136. um enterro qualquer

capítulo 1


A chaleira chiava na cozinha. No quarto, Natálio calçava os sapatos vagarosamente. Enquanto escutava o barulho da chaleira, pensava e observava cada pequeno pedaço de seus pés. Masseageava suavemente cada dedo, todos os dias, sentindo os ossos. Pensava nesses ossos que sustentavam seu corpo e que eram tudo o que restaria dele no futuro, como era tudo o que restava hoje de Emília. Massageava seus ossos dos pés, analisava o meio dos dedos, à procura de feridas ou alergias. Massageava seus ossos dos pés - eram seus ossos - e enquanto sentia essa camada interna e dura de si mesmo questionava se ela não era a sua mais sólida identidade. Seus ossos seriam tudo o que restaria de si mesmo, um dia. A sua própria existência seria resumida a estes mesmos ossos hoje protegidos, e a algumas lembranças que deixaria na memória de meia dúzia de pessoas. Apalpou o dedão esquerdo, notou uma pequena rouxidão. Seria um tumor? Mas não tinha ele batido contra a quina da mesinha da sala? Quando foi isso, ontem? Não, anteontem. Foi quando Natálio retornava da feira, como fazia toda quarta-feira. Então, bateu na mesinha na quarta-feira e somente agora ficou roxo. Será possível levar tantos dias para uma unha ficar roxa? Talvez o roxo não viesse da batida na mesinha. Deveria observar? Sim, provavelmente o mais prudente seria manter o dedão sob observação a fim de acompanhar o desenvolvimento da rouxidão e assim, quem sabe, verificar se sua procedência poderia mesmo estar relacionada à batida. Ainda com as mãos tocando suavemente a superfície do dedo, averiguando se sentia dor, Natálio prestou atenção no barulho da chaleira na cozinha. Há quanto tempo já estava fervendo a água para fazer seu café? 
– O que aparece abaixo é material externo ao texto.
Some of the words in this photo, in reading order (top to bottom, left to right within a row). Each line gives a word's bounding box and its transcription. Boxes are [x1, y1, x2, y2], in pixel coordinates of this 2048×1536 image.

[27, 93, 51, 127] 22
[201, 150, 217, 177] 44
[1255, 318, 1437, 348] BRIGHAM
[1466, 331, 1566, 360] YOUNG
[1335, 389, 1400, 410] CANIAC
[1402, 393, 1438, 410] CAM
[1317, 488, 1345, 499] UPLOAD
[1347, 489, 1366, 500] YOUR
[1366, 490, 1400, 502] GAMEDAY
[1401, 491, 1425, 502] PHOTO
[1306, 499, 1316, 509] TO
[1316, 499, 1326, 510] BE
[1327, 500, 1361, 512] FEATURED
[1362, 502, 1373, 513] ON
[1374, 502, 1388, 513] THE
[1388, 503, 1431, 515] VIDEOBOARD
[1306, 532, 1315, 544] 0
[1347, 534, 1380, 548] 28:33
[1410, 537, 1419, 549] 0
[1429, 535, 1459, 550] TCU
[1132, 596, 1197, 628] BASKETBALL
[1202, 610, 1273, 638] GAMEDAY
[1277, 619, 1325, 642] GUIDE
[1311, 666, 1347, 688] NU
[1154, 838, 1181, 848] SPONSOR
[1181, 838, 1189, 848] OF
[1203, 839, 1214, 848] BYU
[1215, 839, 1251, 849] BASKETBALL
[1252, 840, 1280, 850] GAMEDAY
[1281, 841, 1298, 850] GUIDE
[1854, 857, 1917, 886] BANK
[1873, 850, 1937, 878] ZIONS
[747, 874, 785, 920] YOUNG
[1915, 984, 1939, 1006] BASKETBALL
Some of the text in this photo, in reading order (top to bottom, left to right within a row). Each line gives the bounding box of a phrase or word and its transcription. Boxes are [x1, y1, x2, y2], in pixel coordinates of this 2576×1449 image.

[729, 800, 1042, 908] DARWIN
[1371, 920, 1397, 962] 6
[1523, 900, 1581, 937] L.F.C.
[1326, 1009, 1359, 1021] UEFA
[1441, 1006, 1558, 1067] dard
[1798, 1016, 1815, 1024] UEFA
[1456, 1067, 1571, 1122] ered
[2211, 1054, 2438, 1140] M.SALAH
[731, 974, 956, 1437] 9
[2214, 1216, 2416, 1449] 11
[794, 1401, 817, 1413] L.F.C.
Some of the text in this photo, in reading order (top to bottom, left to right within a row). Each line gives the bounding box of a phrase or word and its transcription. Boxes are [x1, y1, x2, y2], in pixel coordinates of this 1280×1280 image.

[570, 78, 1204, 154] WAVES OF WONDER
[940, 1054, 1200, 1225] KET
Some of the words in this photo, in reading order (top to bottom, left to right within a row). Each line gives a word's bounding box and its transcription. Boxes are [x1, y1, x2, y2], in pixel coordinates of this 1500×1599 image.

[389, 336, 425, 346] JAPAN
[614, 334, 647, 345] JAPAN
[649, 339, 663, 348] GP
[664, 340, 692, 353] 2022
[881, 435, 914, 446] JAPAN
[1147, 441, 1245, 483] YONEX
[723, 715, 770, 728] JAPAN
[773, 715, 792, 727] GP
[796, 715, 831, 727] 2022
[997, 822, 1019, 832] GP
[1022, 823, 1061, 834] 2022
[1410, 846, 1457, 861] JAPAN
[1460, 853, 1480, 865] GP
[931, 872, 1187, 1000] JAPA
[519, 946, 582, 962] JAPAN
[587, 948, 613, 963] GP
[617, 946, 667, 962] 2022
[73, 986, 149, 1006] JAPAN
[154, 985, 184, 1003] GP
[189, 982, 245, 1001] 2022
Natálio colocou as meias e a seguir os sapatos mocassins já antigos, mas cujas solas ele já havia remendado algumas vezes em sua própria oficina. Levantou-se da beira da cama, onde estava sentado, resignado com o próprio fracasso em cuidar coisas simples como o tempo de fervura da água para o café. Contemplou a chaleira assoviando sobre a chapa do fogão, lembrou-se do roxo da unha no pé esquerdo que não teria capacidade de cuidar. Tentou sentir a unha sob o couro do sapato, mas não sentiu nada. Enquanto despejava a água quente sobre o filtro de café, pensou ter sentido uma leve dormência, talvez um formigamento, o que o fez colocar a chaleira de lado enquanto a água escorria pelo filtro reaparecendo escura do outro lado. Sentou-se no banquinho moxo que ficava próximo à pia e retirou com cautela primeiro o sapato e a seguir a meia do pé esquerdo. Olhou para a unha, que continuava exatamente do mesmo jeito que minutos antes. Ponderou por um momento se o sapato não iria “sufocar” o machucado, se não deveria deixá-lo arejado utilizando chinelos ao invés do surrado mocassim. Ainda descalço continuou a despejar a água para fazer o café, ciente dos inúmeros descuidos cometidos em apenas uma manhã e que poderiam lhe custar graves atrasos na sapataria. Sentia o frio do piso da cozinha nos dedos dos pés e nos calcanhares. Era sua pele que sentia, não seus ossos. Eram seus nervos que sentiam frio ou dor. Pisou com mais força até sentir o osso do dedo, ele ainda estava ali, o osso do seu dedo, de onde vinha quem ele era, que lhe dava sua identidade mais perene, pois seriam seus ossos que perdurariam a seus nervos.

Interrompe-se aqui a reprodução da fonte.